Thieves, she says, vandals.
There is trash
on the hillside back of her house:
part of a fence, rusted aluminum siding,
stuff nobody would bother to steal.
She tells me she spends hours every night
standing by the kitchen door
listening.
“Are you afraid?” I say.
“No,” she says, “I’m not afraid.”
“You’re sure?”
After we talk, I lie awake
wondering if she’s really afraid,
if something is out there
she should be afraid of.
She goes to the back door
and opens it, stares
into the dark that hides
the yard and the hillside.
I lie very still, my eyes
open, sweat on my face.
Her small house is full
of listening, hers and mine.
I keep thinking, Why
do you put up this fight? Fear
is nothing to be ashamed of.
After some minutes, she goes
to get a chair.

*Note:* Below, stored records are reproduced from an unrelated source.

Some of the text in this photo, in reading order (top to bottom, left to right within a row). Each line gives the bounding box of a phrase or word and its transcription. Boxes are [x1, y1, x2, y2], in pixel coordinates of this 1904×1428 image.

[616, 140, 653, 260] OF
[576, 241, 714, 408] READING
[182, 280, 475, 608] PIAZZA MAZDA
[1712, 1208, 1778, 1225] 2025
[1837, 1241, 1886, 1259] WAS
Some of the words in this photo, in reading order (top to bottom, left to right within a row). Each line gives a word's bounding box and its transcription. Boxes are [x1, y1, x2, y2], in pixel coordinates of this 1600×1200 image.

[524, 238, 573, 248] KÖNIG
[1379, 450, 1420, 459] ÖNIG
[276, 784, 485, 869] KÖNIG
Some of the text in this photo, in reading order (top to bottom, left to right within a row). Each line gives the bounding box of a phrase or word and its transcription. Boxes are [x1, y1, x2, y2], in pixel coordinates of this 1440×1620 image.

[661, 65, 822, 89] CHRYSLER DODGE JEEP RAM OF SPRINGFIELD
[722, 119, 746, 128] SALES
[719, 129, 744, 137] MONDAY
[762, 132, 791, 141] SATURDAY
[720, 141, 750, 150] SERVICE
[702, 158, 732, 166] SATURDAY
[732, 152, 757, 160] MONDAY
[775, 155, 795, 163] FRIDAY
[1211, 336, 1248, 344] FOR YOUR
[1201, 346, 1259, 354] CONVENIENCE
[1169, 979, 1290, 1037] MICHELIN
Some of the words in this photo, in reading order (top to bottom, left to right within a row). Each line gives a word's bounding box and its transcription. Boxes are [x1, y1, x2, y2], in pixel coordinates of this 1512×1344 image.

It creaks
when she steps up on it.
Barely breathing, I watch her
unscrew the light bulb
in the kitchen, the last one
in the house.
She climbs down
blind and unafraid,
breaks the bulb against the stove
and drops the pieces
like eggshells in the trash.
The poems Randolph Thomas have appeared in Poetry, Quarterly West, Witness, Chattahoochee Review, Southern Poetry Review, The Literary Review, Borderlands, Texas Review, Louisiana Literature, Greensboro Review and other journals. His book-length poetry manuscript has been a finalist for the May Swenson Poetry Award, the Crab Orchard Series in Poetry First Book Competition, and the Blue Lynx Prize, and his work has received state arts grants from the Arkansas Arts Council and the Louisiana Division of the Arts. He also writes fiction, and his short stories have appeared in The Hudson Review, Glimmer Train Stories, and Southwest Review. Randolph has an MFA degree in creative writing from the University of Arkansas and currently teaches English at Louisiana State University where he is assistant director of the creative writing program and faculty advisor to Delta Undergraduate Journal.